Noel shook her head vigorously. "Oh, no! It's nothing!"

"Nothing? To faint like that? Come, my child. To please me." He took her face in his hands. Noel shrank away.

"No, Daddy. I won't see a doctor. Extravagance in wartime! I won't. It's no good trying to make me. I'll come down if you like; I shall be all right to-morrow."

With this Pierson had to be content; but, often that evening, she saw him looking at her anxiously. And when she went up, he came out of his study, followed to her room, and insisted on lighting her fire. Kissing her at the door, he said very quietly:

"I wish I could be a mother to you, my child!"

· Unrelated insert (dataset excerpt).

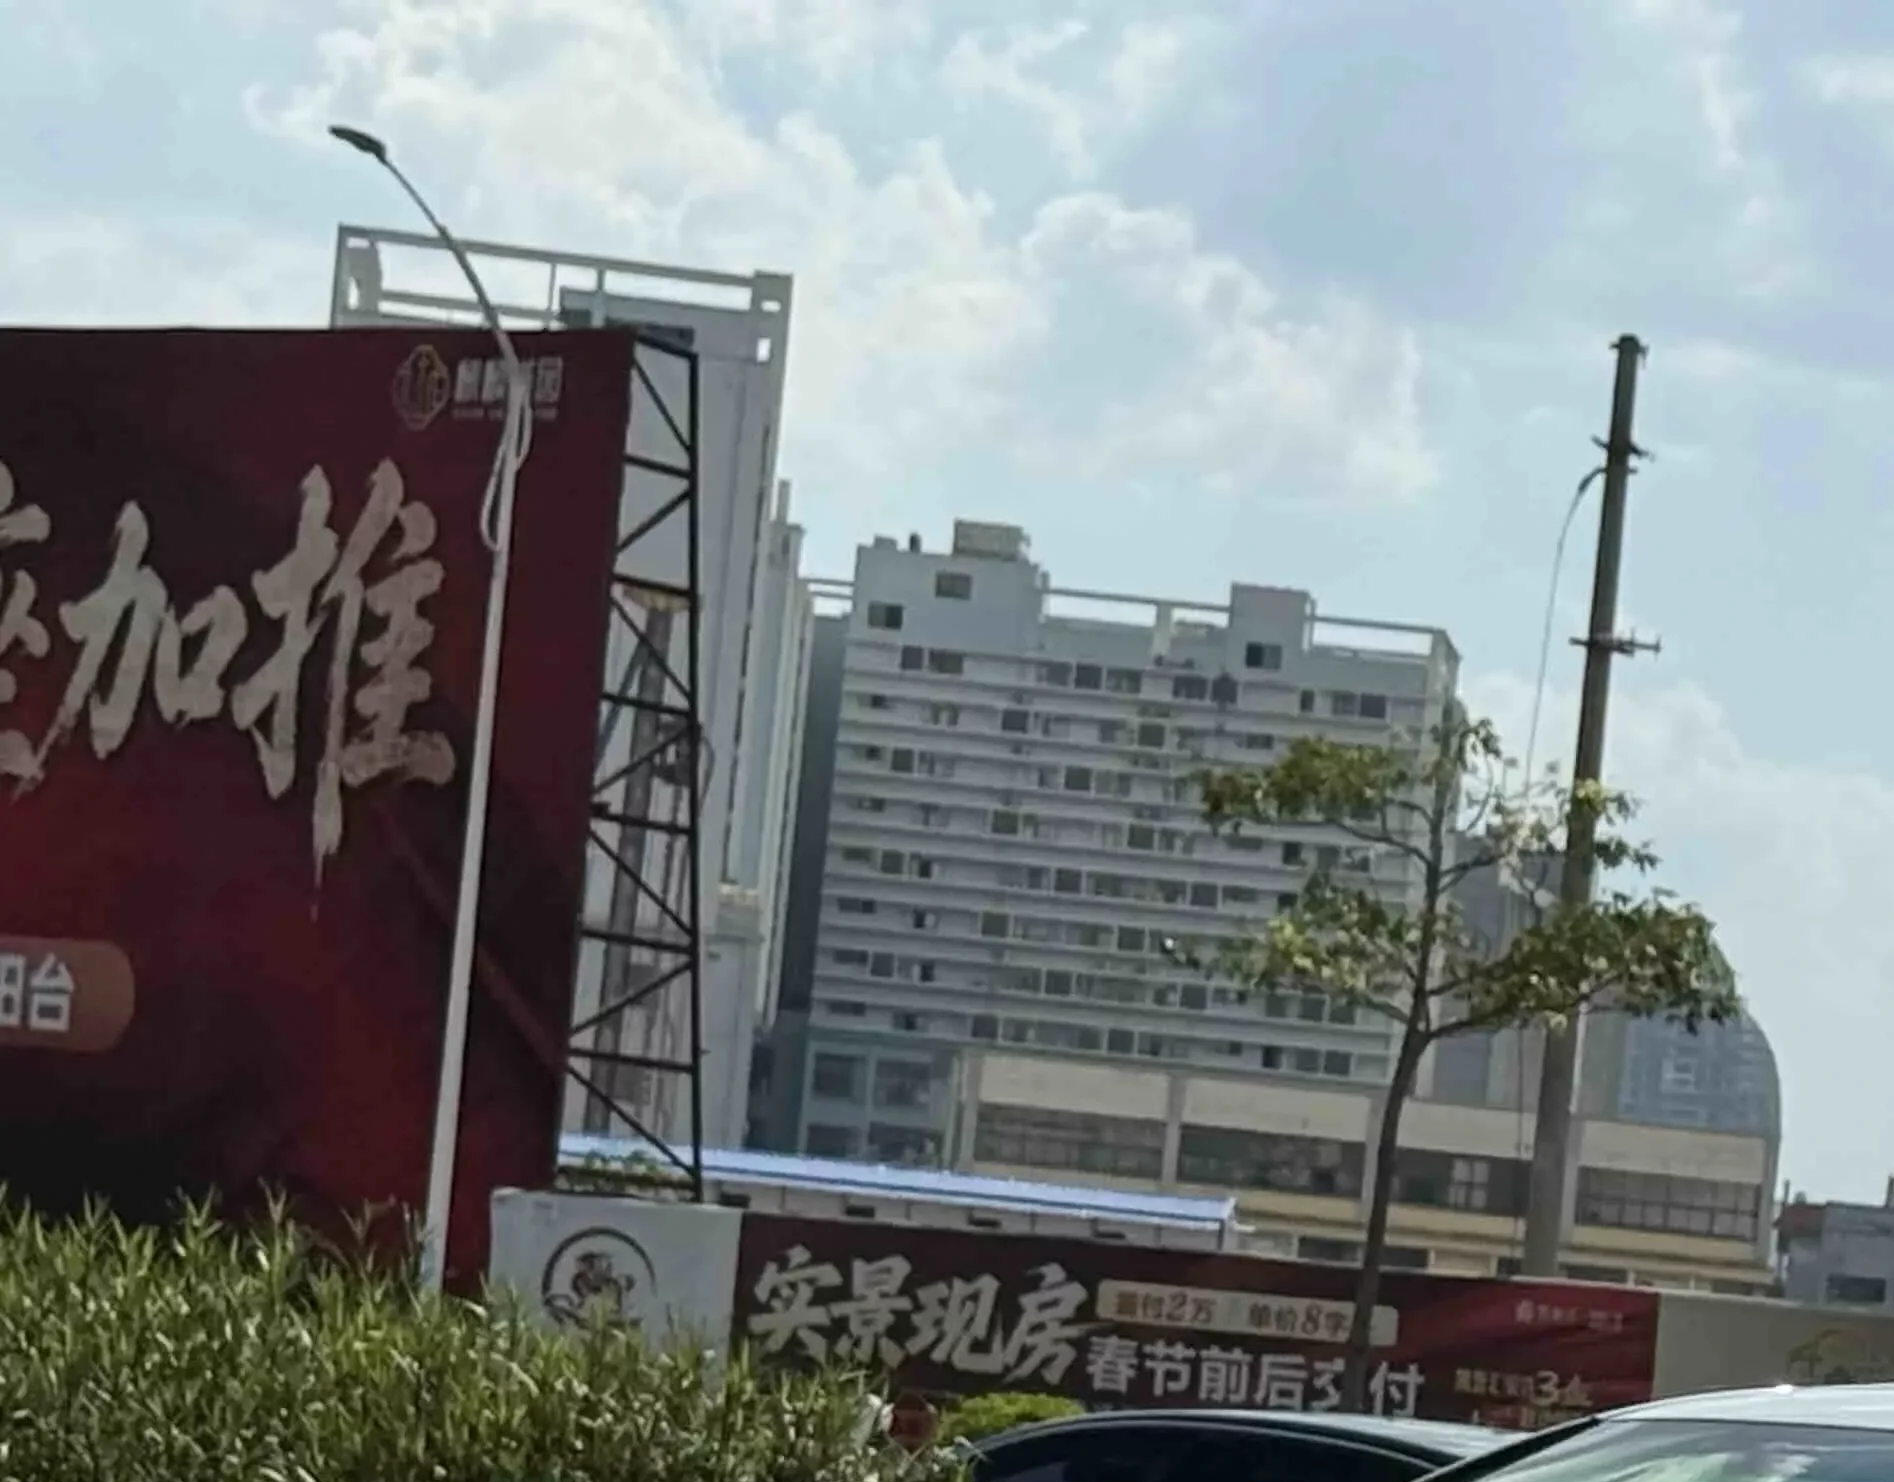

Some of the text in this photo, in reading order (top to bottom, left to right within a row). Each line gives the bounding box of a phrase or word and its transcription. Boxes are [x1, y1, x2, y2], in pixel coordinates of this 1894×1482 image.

[748, 1244, 1114, 1387] 实景现房
[1248, 1301, 1374, 1338] 单价8字

For a moment it flashed through Noel: 'He knows!' then, by the puzzled look on his face, she knew that he did not. If only he did know; what a weight it would be off her mind! But she answered quietly too; "Good night, Daddy dear!" kissed him, and shut the door.

She sat down before the little new fire, and spread her hands out to it; all was so cold and wintry in her heart. And the firelight flickered on her face, where shadows lay thick under her eyes, for all the roundness of her cheeks, and on her slim pale hands, and the supple grace of her young body. And out in the night, clouds raced over the moon, which had come full once more.